As the peninsula’s newest vintage thrift store, Blue Bin Vintage has attracted customers not only from Palo Alto but also from neighboring cities since founders Ahmad Amin, Andrew Limos and Jason To opened its doors on Sept. 4 on Bryant Street downtown.

“There is nothing like what we do [selling vintage clothes] here in Palo Alto or on this side of the peninsula,” store manager Melissa Lopez said. “To get to somewhere like this, you have to drive up to San Francisco or down to San Jose. There was a gap in the market and we decided we could fill it.” 


“We’re reworking it, taking out stains, fixing poles… just trying to give clothing new life so that it doesn’t go to a landfill.”

— Melissa Lopez, Blue Bin Vintage store manager


Unlike fast fashion companies that create and contribute to waste, Blue Bin aims to better the environment by connecting customers to sustainable, recycled clothing.

“If things don’t sell there [at thrift stores like Goodwill], that’s the last chance for this clothing,” Lopez said. “If it doesn’t get bought there, then it’ll go to a landfill and that’s something that we’re helping to prevent by giving it a new life. Either if we’re reworking it, taking out stains, fixing poles… just trying to give clothing new life so that it doesn’t go to a landfill.”
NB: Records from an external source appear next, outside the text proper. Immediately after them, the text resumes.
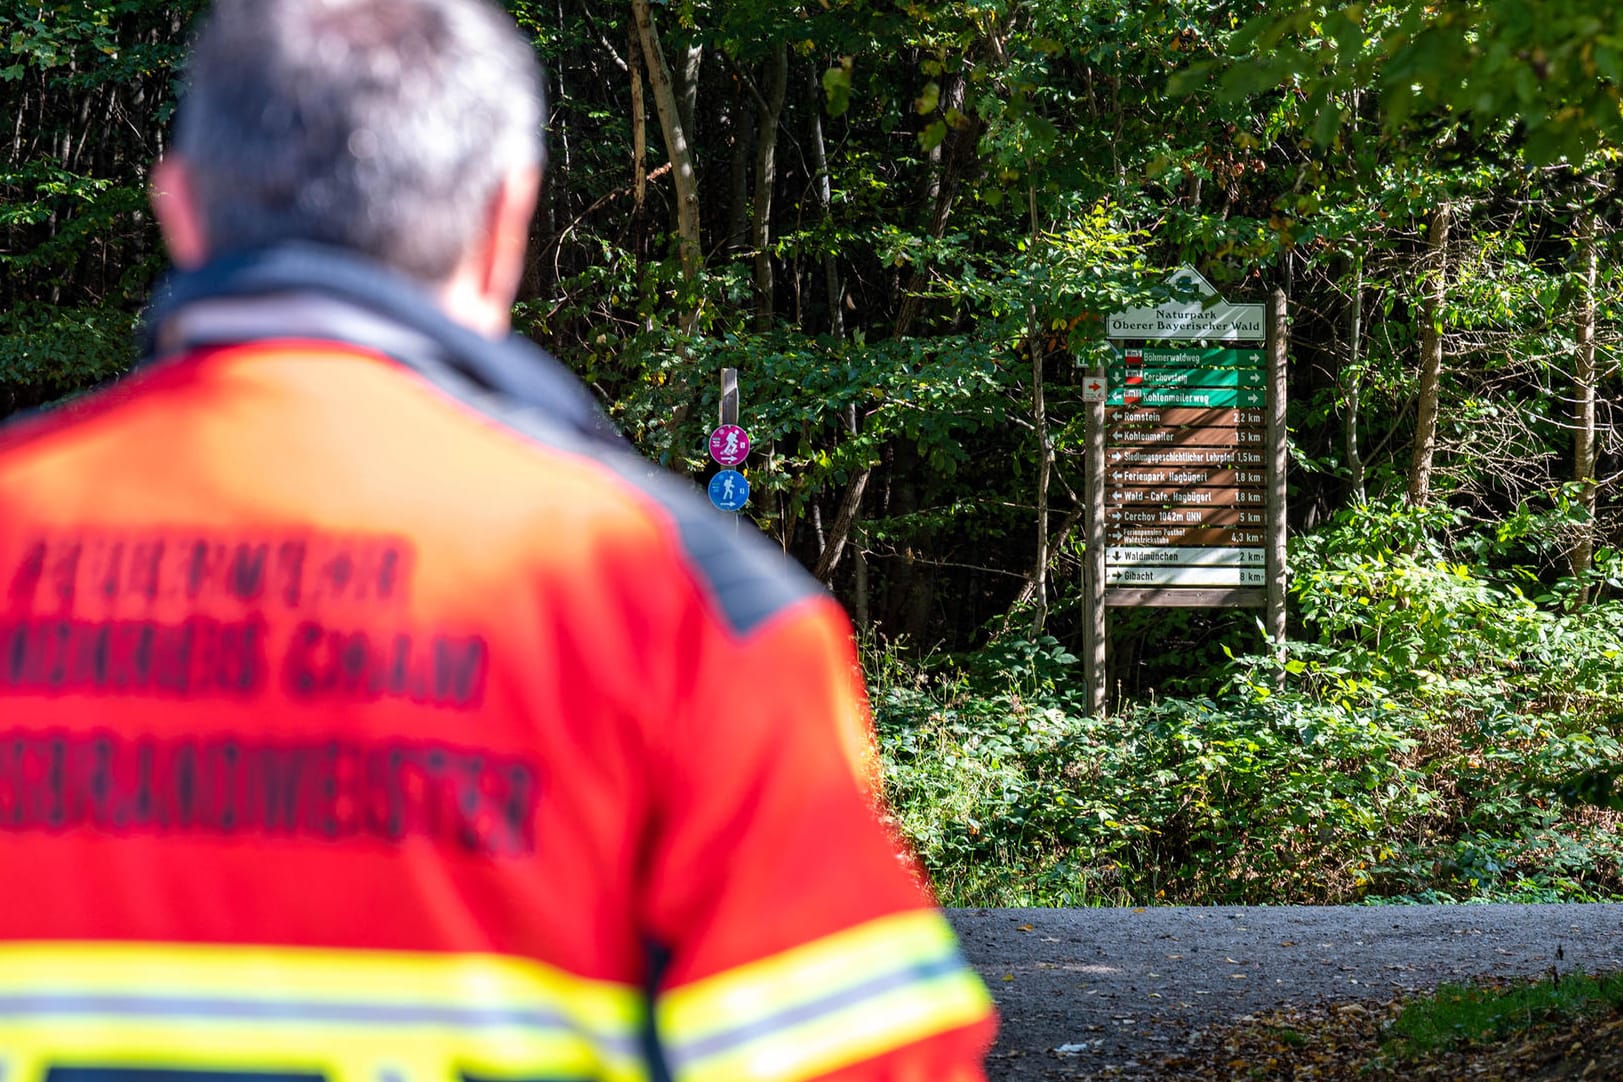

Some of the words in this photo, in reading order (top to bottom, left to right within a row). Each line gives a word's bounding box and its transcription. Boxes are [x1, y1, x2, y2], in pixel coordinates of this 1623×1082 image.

[1156, 310, 1217, 320] Naturpark
[1112, 320, 1154, 330] Oberer
[1157, 320, 1228, 333] Bayerischer
[1231, 321, 1260, 331] Wald
[1143, 352, 1200, 364] Böhmerwaldweg
[1143, 391, 1209, 405] Kohlenmeilerweg
[1124, 412, 1161, 422] Romstein
[1248, 412, 1261, 422] km
[1124, 431, 1174, 441] Kohlenmeiler
[1248, 432, 1261, 442] km
[1124, 450, 1203, 464] Siedlungsgeschichtlicher
[1205, 451, 1235, 464] Lehrpfad
[1124, 471, 1166, 482] Ferienpark
[1248, 472, 1261, 482] km
[1124, 491, 1143, 501] Wald
[1248, 492, 1261, 502] km
[1124, 511, 1156, 521] Cerchov
[1159, 511, 1184, 521] 1042m
[1239, 512, 1245, 522] 5
[1248, 512, 1261, 522] km
[1246, 532, 1259, 542] km
[1124, 551, 1178, 561] Waldmünchen
[1240, 551, 1245, 561] 2
[1248, 551, 1261, 561] km
[1124, 571, 1153, 581] Gibacht
[1240, 571, 1245, 581] 8
[1248, 571, 1261, 581] km
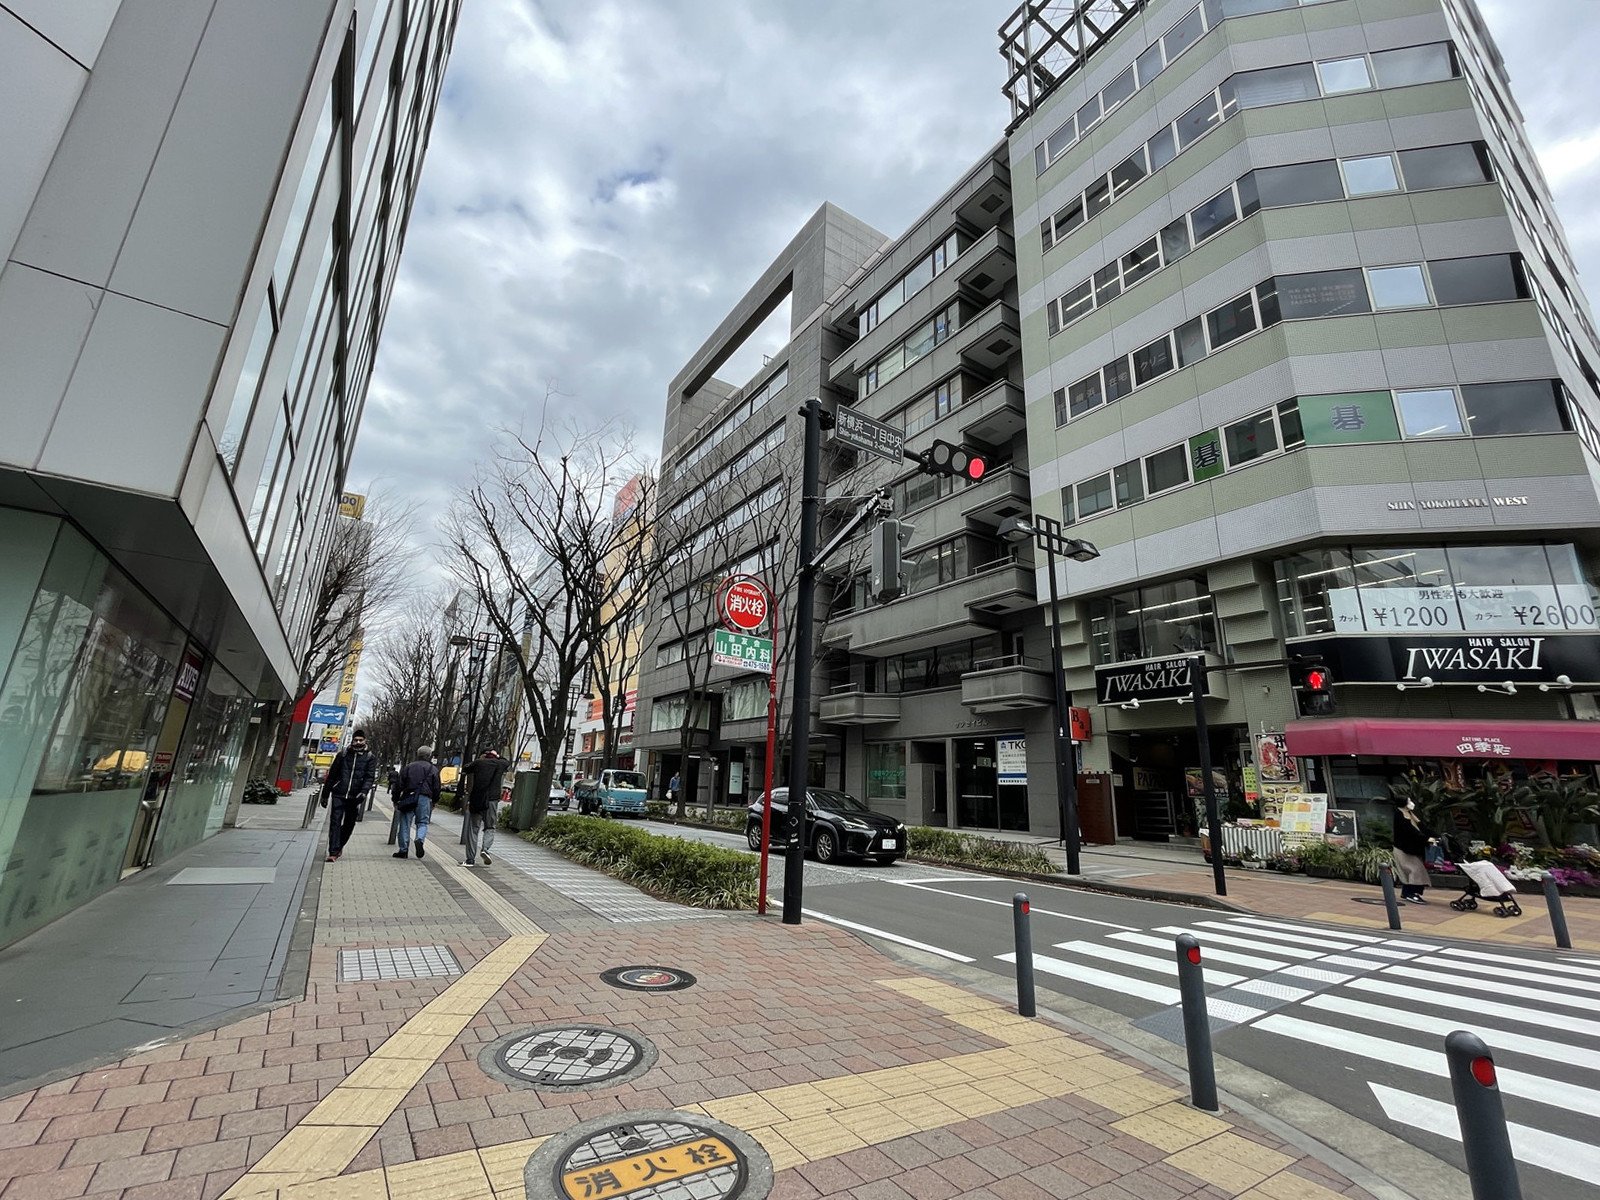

In the past decades, fast fashion trends have stimulated unethical practices in the fashion industry, contributing to climate change, according to The Atlantic.

“The trend cycles are getting even shorter and shorter each month, which is crazy,” Palo Alto High School junior Shiki Toyama said. “Thrifting is a very good bridge between affordability and sustainability.” 

Thanks to its benefits, thrifting has recently gained popularity among students who wish to express themselves creatively through personal fashion choices.


“Thrifting is a very good bridge between affordability and sustainability.”

— Shiki Toyama, Paly junior


“I like to be the only one that’s wearing it [a piece of clothing],” Toyama said. “I really like having stuff that’s unique to me, and creating outfits off of that.”

Other students, like sophomore Austin Eng, feel proud to support moral fashion practices. 

“I think thrifting is a great alternative to fast fashion,” Eng said. “Personally, I appreciate that thrifting is sustainable because it’s an excuse to buy more clothes without the guilt.”

For those who are just beginning to thrift their clothing, ​​Eng advises them to approach the process without expectations and allow themselves to step outside their comfort zone with their purchases.

“Go thrifting to enjoy the randomness of possibly finding something that speaks to you,” Eng said.

Blue Bin Vintage is located at 520 Bryant St. in downtown Palo Alto.